Work instructions:
For each record below, give an exact transcription.

Provided records:

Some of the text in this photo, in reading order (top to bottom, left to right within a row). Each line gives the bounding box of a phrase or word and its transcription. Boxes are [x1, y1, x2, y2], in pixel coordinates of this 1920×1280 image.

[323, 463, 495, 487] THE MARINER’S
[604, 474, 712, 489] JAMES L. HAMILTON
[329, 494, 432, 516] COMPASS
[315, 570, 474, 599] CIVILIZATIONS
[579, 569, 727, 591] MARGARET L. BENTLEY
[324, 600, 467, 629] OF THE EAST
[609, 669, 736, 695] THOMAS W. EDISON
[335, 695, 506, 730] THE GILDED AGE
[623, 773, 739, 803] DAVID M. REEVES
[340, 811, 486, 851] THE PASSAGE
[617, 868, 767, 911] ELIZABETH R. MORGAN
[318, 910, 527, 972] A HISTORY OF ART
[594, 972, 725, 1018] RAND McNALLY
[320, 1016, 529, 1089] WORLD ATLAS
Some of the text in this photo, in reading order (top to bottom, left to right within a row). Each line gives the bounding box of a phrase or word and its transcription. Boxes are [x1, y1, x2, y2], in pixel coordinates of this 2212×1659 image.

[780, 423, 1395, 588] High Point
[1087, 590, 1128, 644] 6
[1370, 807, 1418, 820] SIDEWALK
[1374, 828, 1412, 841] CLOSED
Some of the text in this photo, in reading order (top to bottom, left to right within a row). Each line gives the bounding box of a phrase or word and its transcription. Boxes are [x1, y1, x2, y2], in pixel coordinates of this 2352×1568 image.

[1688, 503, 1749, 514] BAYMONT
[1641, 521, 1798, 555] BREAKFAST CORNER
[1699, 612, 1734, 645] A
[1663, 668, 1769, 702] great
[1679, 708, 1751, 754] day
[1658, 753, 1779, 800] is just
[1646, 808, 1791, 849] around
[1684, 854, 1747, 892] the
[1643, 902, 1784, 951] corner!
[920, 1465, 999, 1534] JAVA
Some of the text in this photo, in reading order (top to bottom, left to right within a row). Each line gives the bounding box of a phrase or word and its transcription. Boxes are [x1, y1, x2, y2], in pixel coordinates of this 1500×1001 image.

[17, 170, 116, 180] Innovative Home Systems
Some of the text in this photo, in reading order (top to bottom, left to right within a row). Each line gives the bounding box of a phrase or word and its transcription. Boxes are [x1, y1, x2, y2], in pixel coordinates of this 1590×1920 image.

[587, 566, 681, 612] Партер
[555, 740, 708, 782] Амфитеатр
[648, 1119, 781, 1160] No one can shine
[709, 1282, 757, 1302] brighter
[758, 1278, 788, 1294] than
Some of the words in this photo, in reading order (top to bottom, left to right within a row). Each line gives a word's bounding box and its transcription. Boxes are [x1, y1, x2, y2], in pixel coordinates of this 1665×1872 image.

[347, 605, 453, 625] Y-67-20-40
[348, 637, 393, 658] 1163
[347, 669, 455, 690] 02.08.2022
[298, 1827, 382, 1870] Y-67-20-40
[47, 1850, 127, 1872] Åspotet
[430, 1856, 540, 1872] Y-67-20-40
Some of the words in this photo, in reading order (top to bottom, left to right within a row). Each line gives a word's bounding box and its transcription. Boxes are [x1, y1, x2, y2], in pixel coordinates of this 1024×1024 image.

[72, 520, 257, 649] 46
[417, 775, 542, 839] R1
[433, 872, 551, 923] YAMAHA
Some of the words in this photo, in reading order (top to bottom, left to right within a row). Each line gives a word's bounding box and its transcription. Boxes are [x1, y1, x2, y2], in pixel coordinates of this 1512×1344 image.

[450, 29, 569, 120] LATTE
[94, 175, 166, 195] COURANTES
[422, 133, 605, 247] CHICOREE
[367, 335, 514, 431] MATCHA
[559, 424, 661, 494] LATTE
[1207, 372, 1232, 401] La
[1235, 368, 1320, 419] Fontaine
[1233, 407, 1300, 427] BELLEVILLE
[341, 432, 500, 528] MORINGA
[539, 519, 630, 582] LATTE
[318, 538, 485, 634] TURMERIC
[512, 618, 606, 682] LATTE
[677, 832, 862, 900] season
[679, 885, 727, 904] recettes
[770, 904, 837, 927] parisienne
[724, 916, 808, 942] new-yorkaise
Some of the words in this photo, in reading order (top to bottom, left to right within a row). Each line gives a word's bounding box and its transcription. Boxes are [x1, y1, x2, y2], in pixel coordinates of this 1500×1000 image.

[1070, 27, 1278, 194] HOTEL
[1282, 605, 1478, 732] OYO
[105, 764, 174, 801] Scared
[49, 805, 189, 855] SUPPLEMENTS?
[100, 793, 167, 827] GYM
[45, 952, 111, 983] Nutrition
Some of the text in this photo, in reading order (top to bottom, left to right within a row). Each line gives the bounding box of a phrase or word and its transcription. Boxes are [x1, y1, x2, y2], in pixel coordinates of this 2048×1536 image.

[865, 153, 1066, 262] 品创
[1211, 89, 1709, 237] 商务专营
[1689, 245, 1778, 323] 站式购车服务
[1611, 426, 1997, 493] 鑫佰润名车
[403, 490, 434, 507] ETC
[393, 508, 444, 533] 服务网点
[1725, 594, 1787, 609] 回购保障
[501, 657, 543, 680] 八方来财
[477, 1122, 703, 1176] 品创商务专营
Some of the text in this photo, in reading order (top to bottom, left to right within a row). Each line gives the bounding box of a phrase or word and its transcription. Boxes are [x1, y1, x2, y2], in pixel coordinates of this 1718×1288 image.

Exercise output:
Some of the text in this photo, in reading order (top to bottom, left to right within a row). Each line gives the bounding box of a phrase or word and its transcription. Boxes are [x1, y1, x2, y2], in pixel coordinates of this 1920×1280 image.

[323, 463, 495, 487] THE MARINER’S
[604, 474, 712, 489] JAMES L. HAMILTON
[329, 494, 432, 516] COMPASS
[315, 570, 474, 599] CIVILIZATIONS
[579, 569, 727, 591] MARGARET L. BENTLEY
[324, 600, 467, 629] OF THE EAST
[609, 669, 736, 695] THOMAS W. EDISON
[335, 695, 506, 730] THE GILDED AGE
[623, 773, 739, 803] DAVID M. REEVES
[340, 811, 486, 851] THE PASSAGE
[617, 868, 767, 911] ELIZABETH R. MORGAN
[318, 910, 527, 972] A HISTORY OF ART
[594, 972, 725, 1018] RAND McNALLY
[320, 1016, 529, 1089] WORLD ATLAS
Some of the text in this photo, in reading order (top to bottom, left to right within a row). Each line gives the bounding box of a phrase or word and its transcription. Boxes are [x1, y1, x2, y2], in pixel coordinates of this 2212×1659 image.

[780, 423, 1395, 588] High Point
[1087, 590, 1128, 644] 6
[1370, 807, 1418, 820] SIDEWALK
[1374, 828, 1412, 841] CLOSED
Some of the text in this photo, in reading order (top to bottom, left to right within a row). Each line gives the bounding box of a phrase or word and its transcription. Boxes are [x1, y1, x2, y2], in pixel coordinates of this 2352×1568 image.

[1688, 503, 1749, 514] BAYMONT
[1641, 521, 1798, 555] BREAKFAST CORNER
[1699, 612, 1734, 645] A
[1663, 668, 1769, 702] great
[1679, 708, 1751, 754] day
[1658, 753, 1779, 800] is just
[1646, 808, 1791, 849] around
[1684, 854, 1747, 892] the
[1643, 902, 1784, 951] corner!
[920, 1465, 999, 1534] JAVA
Some of the text in this photo, in reading order (top to bottom, left to right within a row). Each line gives the bounding box of a phrase or word and its transcription. Boxes are [x1, y1, x2, y2], in pixel coordinates of this 1500×1001 image.

[17, 170, 116, 180] Innovative Home Systems
Some of the text in this photo, in reading order (top to bottom, left to right within a row). Each line gives the bounding box of a phrase or word and its transcription. Boxes are [x1, y1, x2, y2], in pixel coordinates of this 1590×1920 image.

[587, 566, 681, 612] Партер
[555, 740, 708, 782] Амфитеатр
[648, 1119, 781, 1160] No one can shine
[709, 1282, 757, 1302] brighter
[758, 1278, 788, 1294] than
Some of the words in this photo, in reading order (top to bottom, left to right within a row). Each line gives a word's bounding box and its transcription. Boxes are [x1, y1, x2, y2], in pixel coordinates of this 1665×1872 image.

[347, 605, 453, 625] Y-67-20-40
[348, 637, 393, 658] 1163
[347, 669, 455, 690] 02.08.2022
[298, 1827, 382, 1870] Y-67-20-40
[47, 1850, 127, 1872] Åspotet
[430, 1856, 540, 1872] Y-67-20-40
Some of the words in this photo, in reading order (top to bottom, left to right within a row). Each line gives a word's bounding box and its transcription. Boxes are [x1, y1, x2, y2], in pixel coordinates of this 1024×1024 image.

[72, 520, 257, 649] 46
[417, 775, 542, 839] R1
[433, 872, 551, 923] YAMAHA
Some of the words in this photo, in reading order (top to bottom, left to right within a row). Each line gives a word's bounding box and its transcription. Boxes are [x1, y1, x2, y2], in pixel coordinates of this 1512×1344 image.

[450, 29, 569, 120] LATTE
[94, 175, 166, 195] COURANTES
[422, 133, 605, 247] CHICOREE
[367, 335, 514, 431] MATCHA
[559, 424, 661, 494] LATTE
[1207, 372, 1232, 401] La
[1235, 368, 1320, 419] Fontaine
[1233, 407, 1300, 427] BELLEVILLE
[341, 432, 500, 528] MORINGA
[539, 519, 630, 582] LATTE
[318, 538, 485, 634] TURMERIC
[512, 618, 606, 682] LATTE
[677, 832, 862, 900] season
[679, 885, 727, 904] recettes
[770, 904, 837, 927] parisienne
[724, 916, 808, 942] new-yorkaise
Some of the words in this photo, in reading order (top to bottom, left to right within a row). Each line gives a word's bounding box and its transcription. Boxes are [x1, y1, x2, y2], in pixel coordinates of this 1500×1000 image.

[1070, 27, 1278, 194] HOTEL
[1282, 605, 1478, 732] OYO
[105, 764, 174, 801] Scared
[49, 805, 189, 855] SUPPLEMENTS?
[100, 793, 167, 827] GYM
[45, 952, 111, 983] Nutrition
Some of the text in this photo, in reading order (top to bottom, left to right within a row). Each line gives the bounding box of a phrase or word and its transcription. Boxes are [x1, y1, x2, y2], in pixel coordinates of this 2048×1536 image.

[865, 153, 1066, 262] 品创
[1211, 89, 1709, 237] 商务专营
[1689, 245, 1778, 323] 站式购车服务
[1611, 426, 1997, 493] 鑫佰润名车
[403, 490, 434, 507] ETC
[393, 508, 444, 533] 服务网点
[1725, 594, 1787, 609] 回购保障
[501, 657, 543, 680] 八方来财
[477, 1122, 703, 1176] 品创商务专营
Some of the text in this photo, in reading order (top to bottom, left to right within a row). Each line gives the bounding box of a phrase or word and its transcription. Boxes are [x1, y1, x2, y2], in pixel coordinates of this 1718×1288 image.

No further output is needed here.